Start of Block

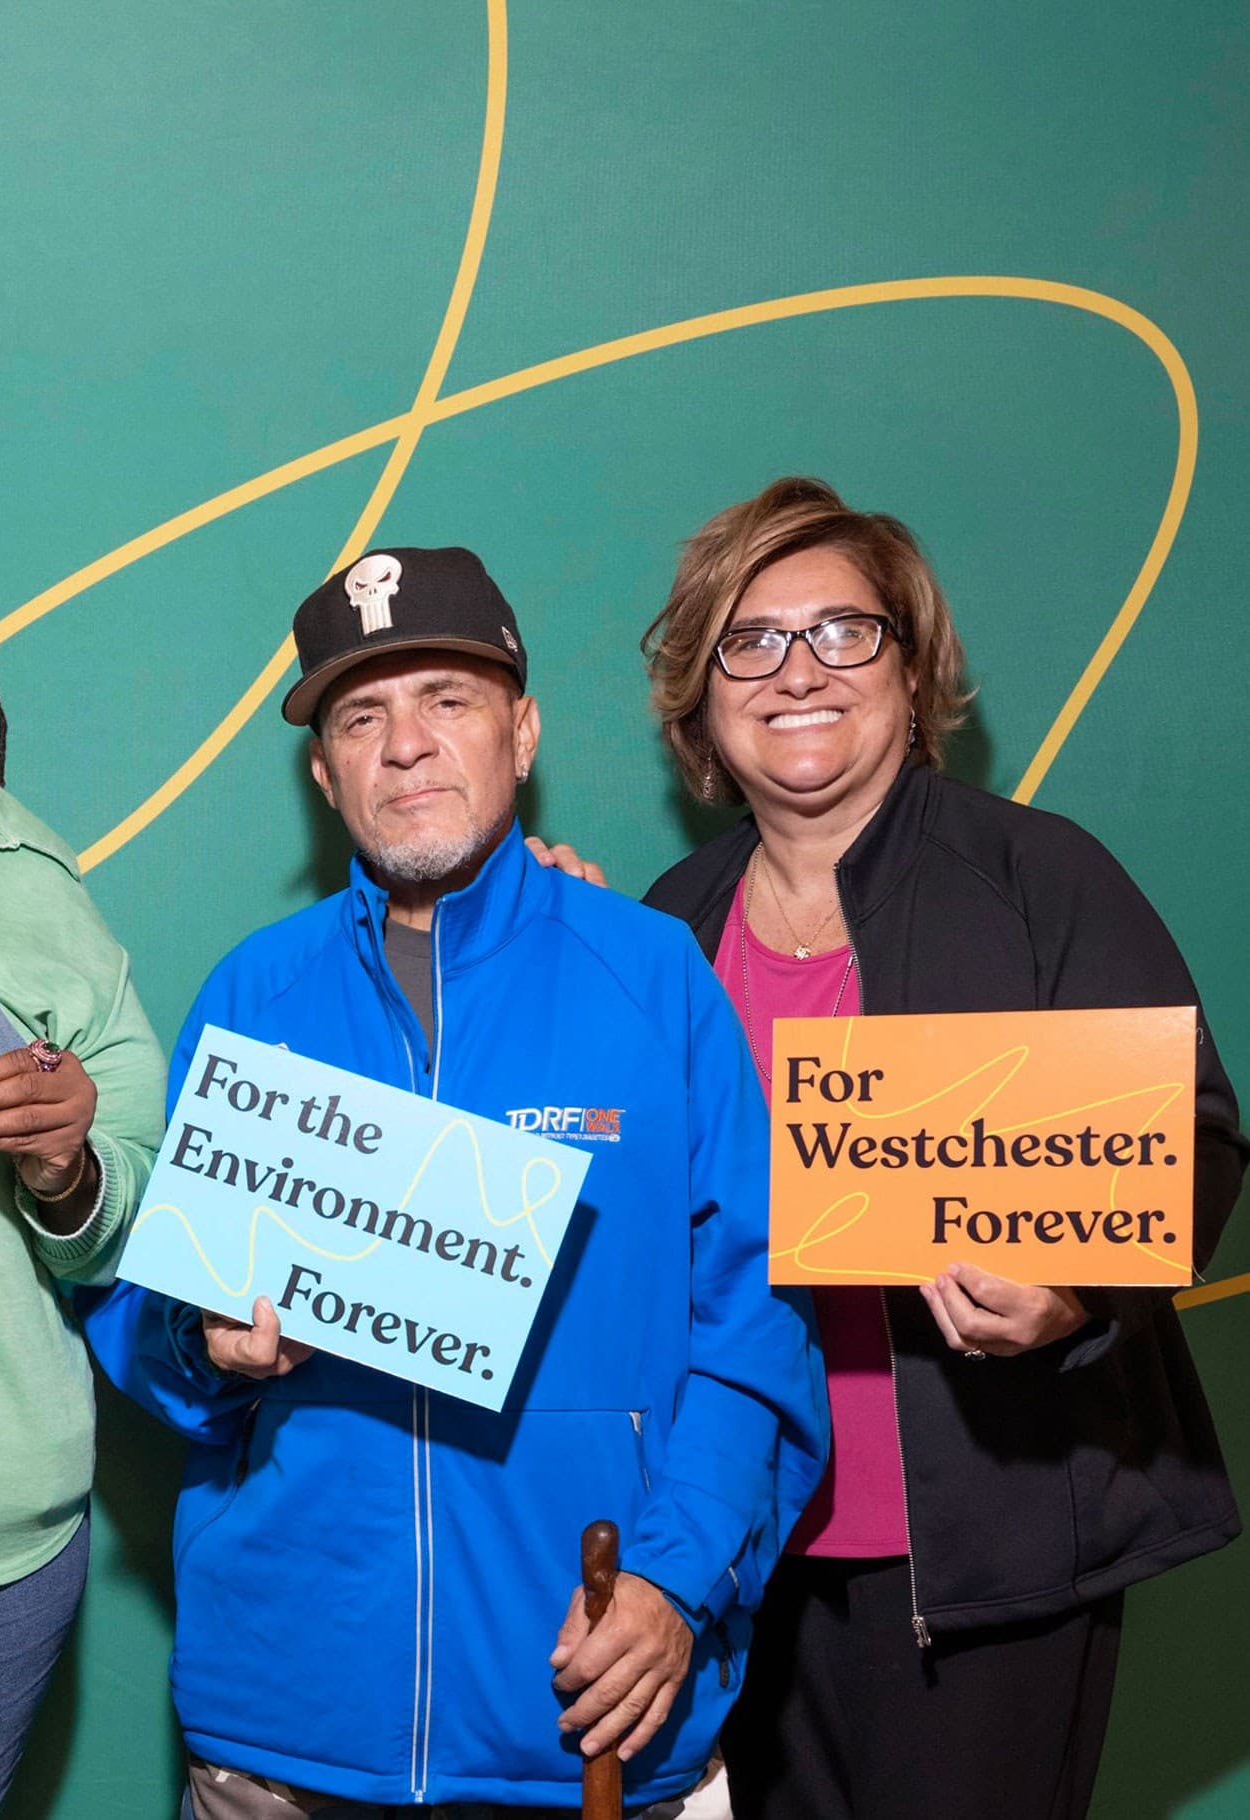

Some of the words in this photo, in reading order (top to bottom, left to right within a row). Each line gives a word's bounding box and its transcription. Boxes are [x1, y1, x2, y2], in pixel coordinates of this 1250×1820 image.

[194, 1053, 289, 1121] For
[299, 1094, 383, 1155] the
[786, 1056, 884, 1104] For
[786, 1117, 1178, 1169] Westchester.
[169, 1121, 533, 1290] Environment.
[931, 1196, 1178, 1244] Forever.
[276, 1263, 495, 1382] Forever.
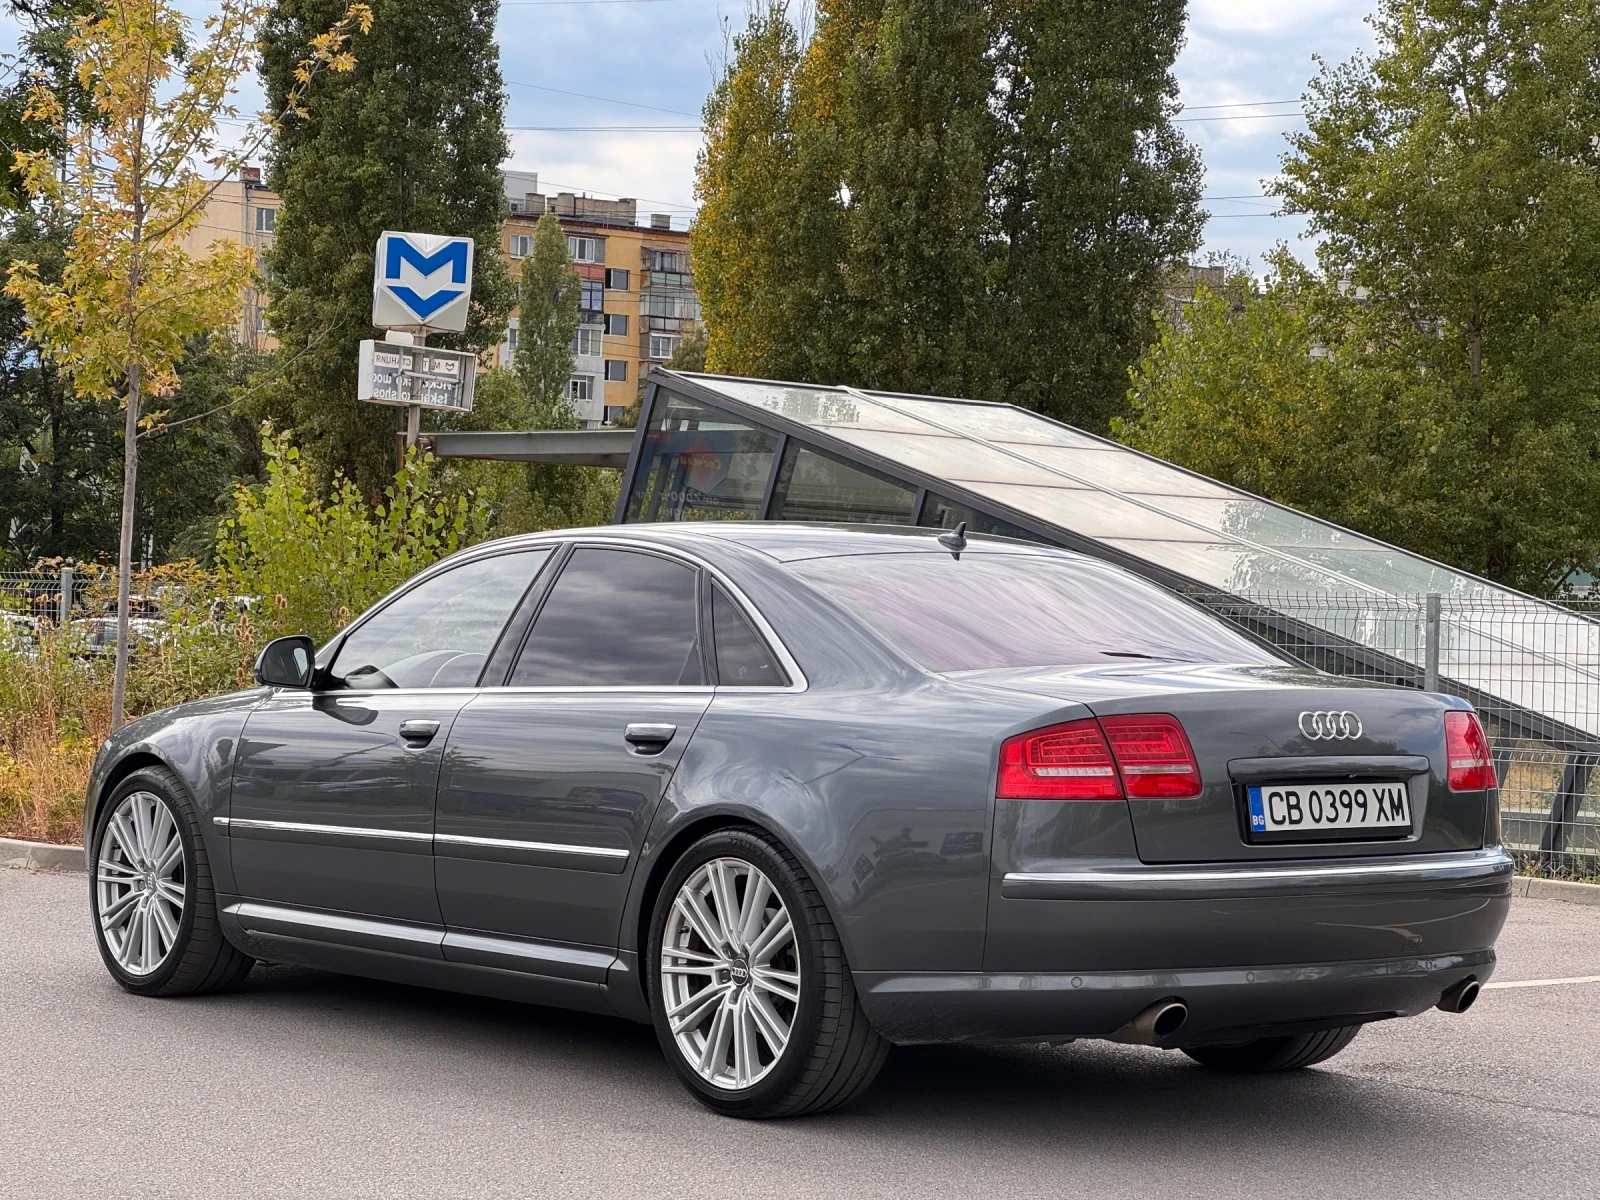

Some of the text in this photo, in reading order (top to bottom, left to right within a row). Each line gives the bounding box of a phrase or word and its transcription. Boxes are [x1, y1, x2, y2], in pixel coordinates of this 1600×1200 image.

[1268, 788, 1406, 826] CB 0399 XM
[1252, 815, 1265, 826] BG

End of Block

_Exercise prompt_
Copy, without any change, the lines from the one that contains "Some of the text" to the final line of the entries above.

_Your solution_
Some of the text in this photo, in reading order (top to bottom, left to right within a row). Each line gives the bounding box of a phrase or word and its transcription. Boxes are [x1, y1, x2, y2], in pixel coordinates of this 1600×1200 image.

[1268, 788, 1406, 826] CB 0399 XM
[1252, 815, 1265, 826] BG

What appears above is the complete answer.